(Data excerpts)
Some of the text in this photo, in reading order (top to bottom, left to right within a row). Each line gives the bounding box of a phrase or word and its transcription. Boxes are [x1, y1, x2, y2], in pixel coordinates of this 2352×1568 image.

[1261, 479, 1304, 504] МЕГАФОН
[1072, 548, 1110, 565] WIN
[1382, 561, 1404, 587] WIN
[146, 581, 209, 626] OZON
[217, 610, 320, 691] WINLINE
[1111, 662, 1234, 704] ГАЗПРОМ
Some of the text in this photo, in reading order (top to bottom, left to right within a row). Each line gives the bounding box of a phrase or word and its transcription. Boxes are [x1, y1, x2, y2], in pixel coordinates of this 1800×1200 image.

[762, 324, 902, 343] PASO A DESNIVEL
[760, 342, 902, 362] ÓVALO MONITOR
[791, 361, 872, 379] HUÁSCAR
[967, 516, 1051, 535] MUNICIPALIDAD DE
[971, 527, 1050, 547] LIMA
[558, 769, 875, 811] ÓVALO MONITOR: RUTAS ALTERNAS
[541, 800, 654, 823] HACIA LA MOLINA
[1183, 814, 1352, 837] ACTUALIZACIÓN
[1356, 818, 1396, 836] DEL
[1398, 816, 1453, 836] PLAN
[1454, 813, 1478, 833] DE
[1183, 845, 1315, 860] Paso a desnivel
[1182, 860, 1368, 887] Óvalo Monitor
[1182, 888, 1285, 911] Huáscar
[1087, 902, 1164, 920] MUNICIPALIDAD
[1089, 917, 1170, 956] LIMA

_Task to carry out_
Would you please write out the entries again exactly?

_Answer to this task_
Some of the text in this photo, in reading order (top to bottom, left to right within a row). Each line gives the bounding box of a phrase or word and its transcription. Boxes are [x1, y1, x2, y2], in pixel coordinates of this 2352×1568 image.

[1261, 479, 1304, 504] МЕГАФОН
[1072, 548, 1110, 565] WIN
[1382, 561, 1404, 587] WIN
[146, 581, 209, 626] OZON
[217, 610, 320, 691] WINLINE
[1111, 662, 1234, 704] ГАЗПРОМ
Some of the text in this photo, in reading order (top to bottom, left to right within a row). Each line gives the bounding box of a phrase or word and its transcription. Boxes are [x1, y1, x2, y2], in pixel coordinates of this 1800×1200 image.

[762, 324, 902, 343] PASO A DESNIVEL
[760, 342, 902, 362] ÓVALO MONITOR
[791, 361, 872, 379] HUÁSCAR
[967, 516, 1051, 535] MUNICIPALIDAD DE
[971, 527, 1050, 547] LIMA
[558, 769, 875, 811] ÓVALO MONITOR: RUTAS ALTERNAS
[541, 800, 654, 823] HACIA LA MOLINA
[1183, 814, 1352, 837] ACTUALIZACIÓN
[1356, 818, 1396, 836] DEL
[1398, 816, 1453, 836] PLAN
[1454, 813, 1478, 833] DE
[1183, 845, 1315, 860] Paso a desnivel
[1182, 860, 1368, 887] Óvalo Monitor
[1182, 888, 1285, 911] Huáscar
[1087, 902, 1164, 920] MUNICIPALIDAD
[1089, 917, 1170, 956] LIMA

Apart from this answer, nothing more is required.